When you are handling multiple tonnes of unwanted produce each day, not everything will be fit for the food bank. That’s where ReFeed’s second warehouse, just 60 metres away from the sorting centre, comes into the picture. There, places like T&T deliver bins of pre-consumer produce to be sorted before being delivered to local farms as livestock feed.
On the day The Current visited ReFeed, there were a dozen blue bins in front of the warehouse, each filled with carrots, lettuce, broccoli, yams, parsley, and apples. The bins will be dumped onto a conveyor, where employees would sort through the produce by hand to remove twist ties, plastic packaging, and even knives that fell in during the store’s prep.
Depending on where the produce is going, Lilley and his team also remove some of the vegetables as well. Dairy cows find produce from the nightshade family unpalatable so sorters must make sure to remove items like tomatoes, peppers, eggplants heading to those operations. When the produce is ready, it’s delivered to places like Randon Farms.
The worms

Although Lilley wants to treat ReFeed like a food processing facility (he sanitizes the bins once the produce is removed) it still smells a bit like compost. You can blame the company’s smallest eaters for that: the worms.
Any produce that isn’t sent to the food bank or delivered to farms is transferred to the HotRot, a piece of equipment that turns produce into compost. Lilley doesn’t use it exactly as intended. Instead, he’s repurposed the HotRot as a feed producer. He mixes the output with dairy manure, and sends mixture to the next building over to feed his growing worm population. (Red Wigglers double in population every 60 days, and there’s already three pounds of worms per square foot of bed.)

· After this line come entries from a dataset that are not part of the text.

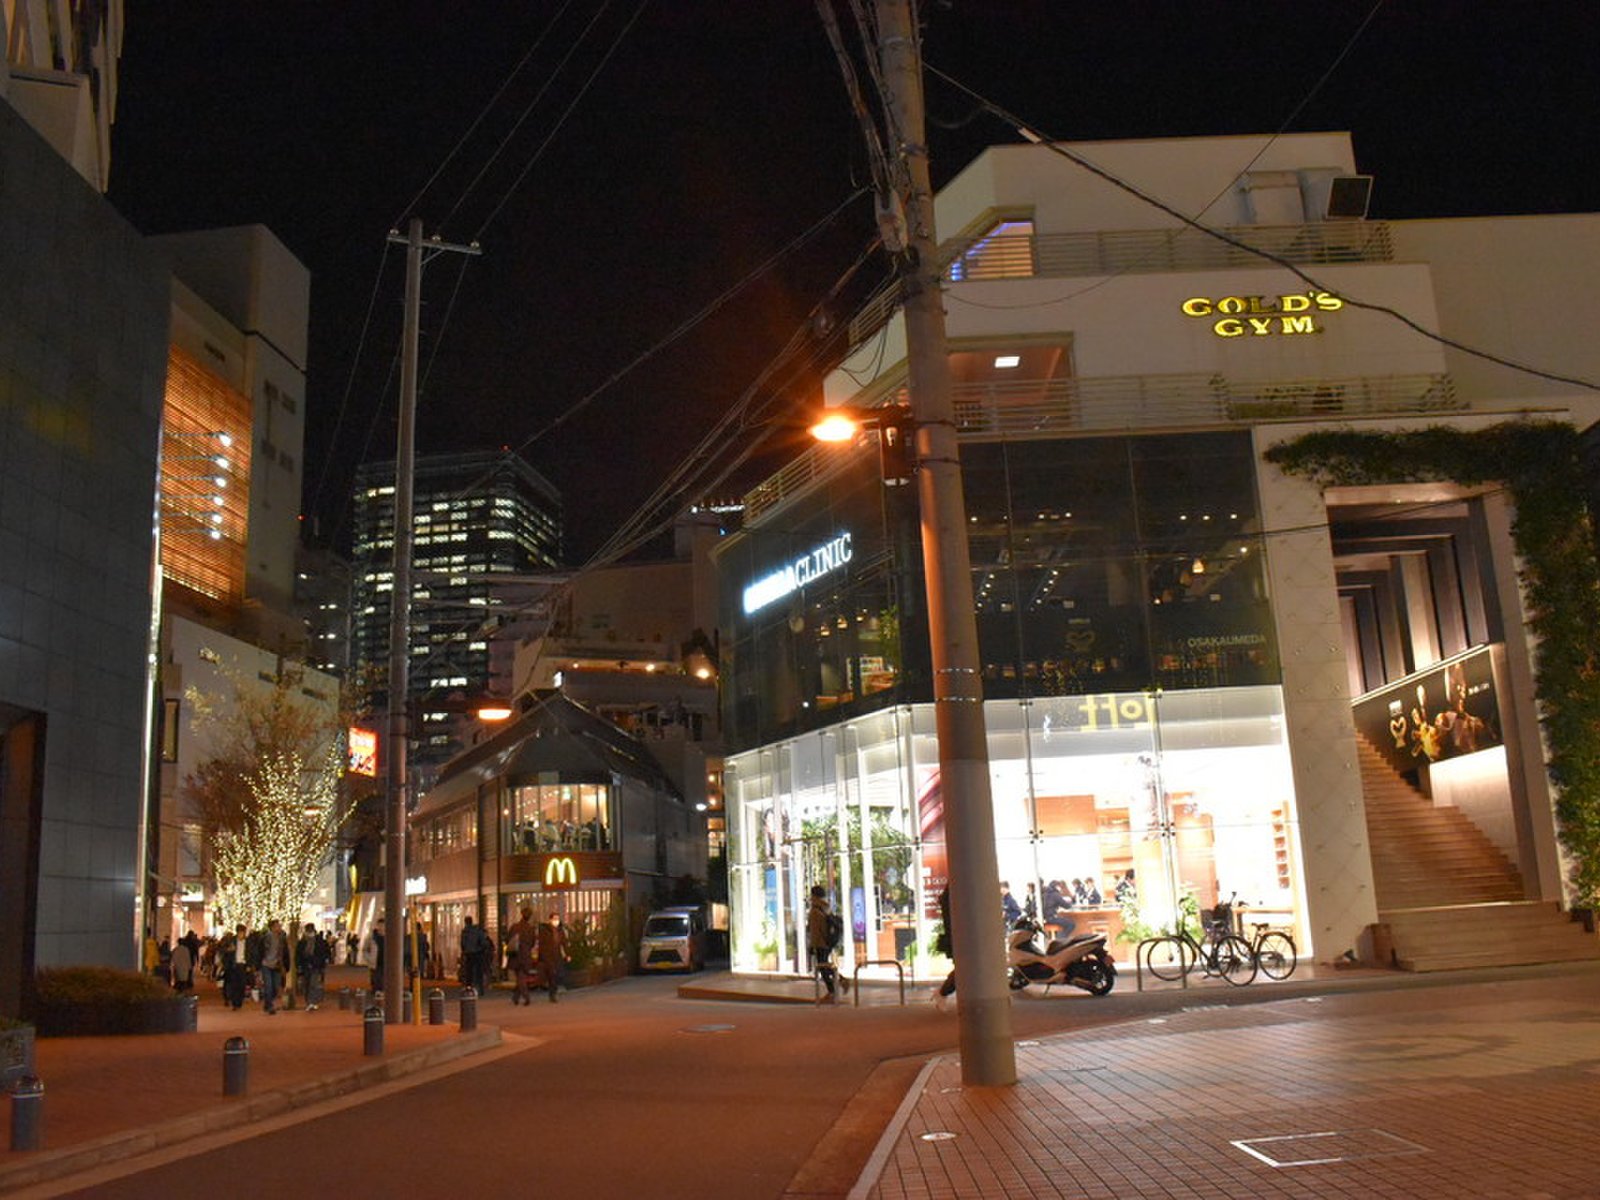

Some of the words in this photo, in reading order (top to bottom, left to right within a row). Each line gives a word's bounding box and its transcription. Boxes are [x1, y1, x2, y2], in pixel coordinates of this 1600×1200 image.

[1181, 292, 1344, 317] GOLD'S
[1213, 315, 1315, 337] GYM
[794, 532, 853, 588] CLINIC
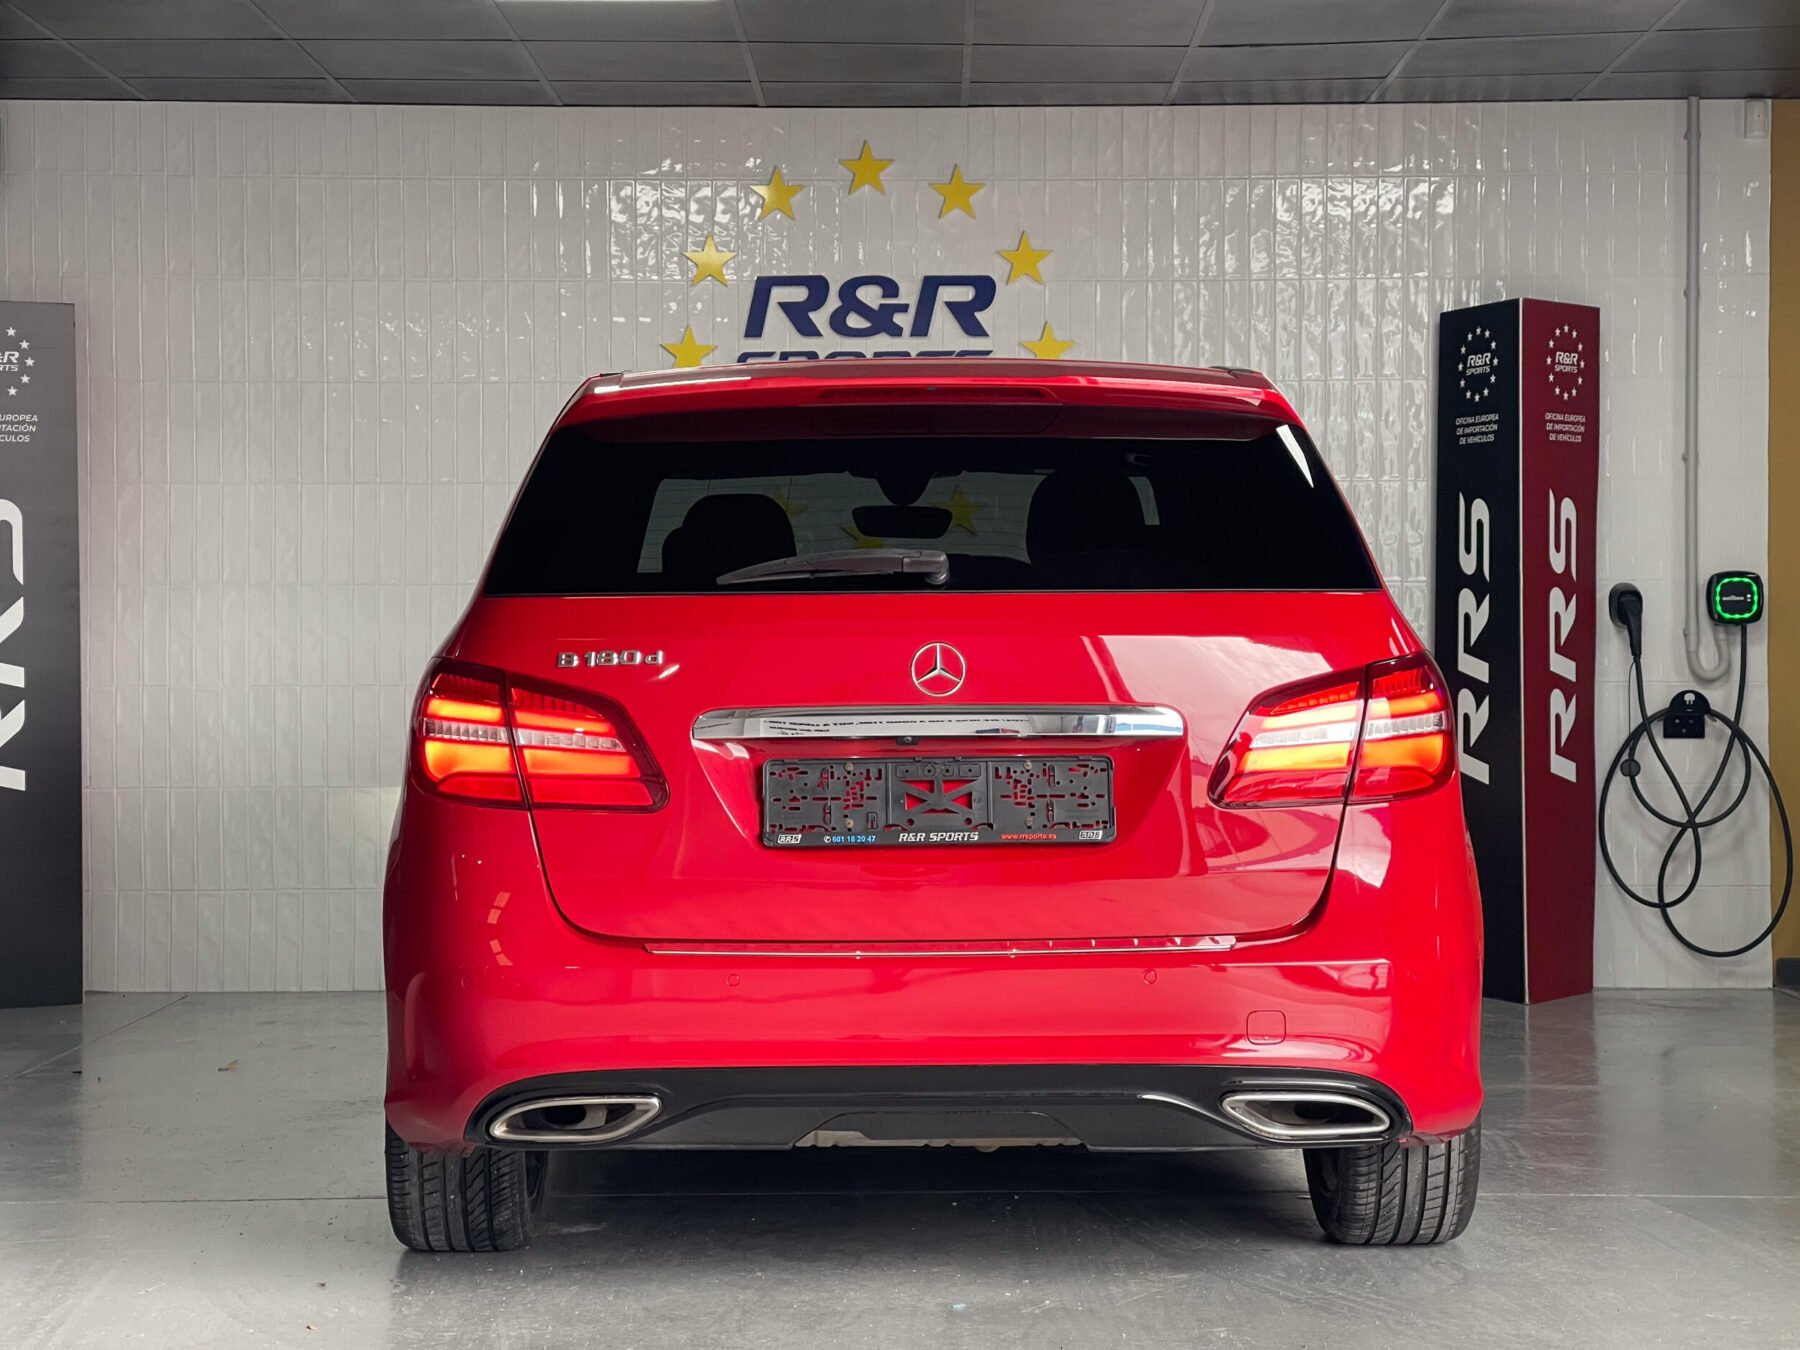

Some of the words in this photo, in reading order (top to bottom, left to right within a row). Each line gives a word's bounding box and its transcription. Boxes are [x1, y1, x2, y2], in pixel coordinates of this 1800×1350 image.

[744, 275, 996, 337] R&R
[1467, 353, 1491, 367] R&R
[1556, 351, 1578, 365] R&R
[1466, 366, 1490, 376] SPORTS
[1555, 364, 1578, 373] SPORTS
[1457, 490, 1490, 785] RRS
[1549, 487, 1577, 783] RRS
[898, 832, 926, 842] R&R
[929, 831, 979, 842] SPORTS

There, in a warehouse coated in spray foam, hundreds of thousands of red wigglers spend their lives eating and pooping. The worms are smaller than your average earthworm, and “vigorous eaters,” Lilley explained. What comes out are worm “castings”—worm poop. An automated cutting bar scrapes the castings from the bottom of the worm beds, and those small brown pellets are sold as fertilizer to local farms.

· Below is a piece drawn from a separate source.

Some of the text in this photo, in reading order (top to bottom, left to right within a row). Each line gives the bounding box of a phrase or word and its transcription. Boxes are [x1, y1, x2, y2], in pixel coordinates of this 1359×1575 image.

“We’re actually coming to the point where gasoline is gonna get thrown on this,” Lilley said, looking at the masses of worms moving through mulch near his hands. “We’ve finally got all our technology tweaked and ready to go. So we’re pretty excited about where it’s going.”
The future

The circle in Lilley’s circular nutrition model isn’t quite complete. He still needs to grow his own produce, so he can fertilize it with worm castings. That step is in the works, with restoration already beginning on the 20,000 square foot greenhouses behind ReFeed’s composting building. And there’s more Lilley hopes to do.
ReFeed Canada and the Greater Vancouver Food Bank are working to turn Lilley’s sorting warehouse into a provincial distribution hub, so excess produce can not only be shared with local food banks, but people across the province.
Research and development is underway on Lilley’s composter, to see how the HotRot can keep more microbes in the compost, and therefore make a better food for the worms. By the end of this month, ReFeed will have six more worm beds, which will kick off more research on how places like ReFeed can farm worms better. (“There’s a lot of opportunities with worms,” Lilley said. He’s also looking into how ReFeed could farm other species of worms for protein or use them to do things like filter manure.)
“There’s a lot of rabbit holes that I want to be going down, once we get this momentum here,” Lilley said. “But in the meantime, we’re just doing the best practices that we can.”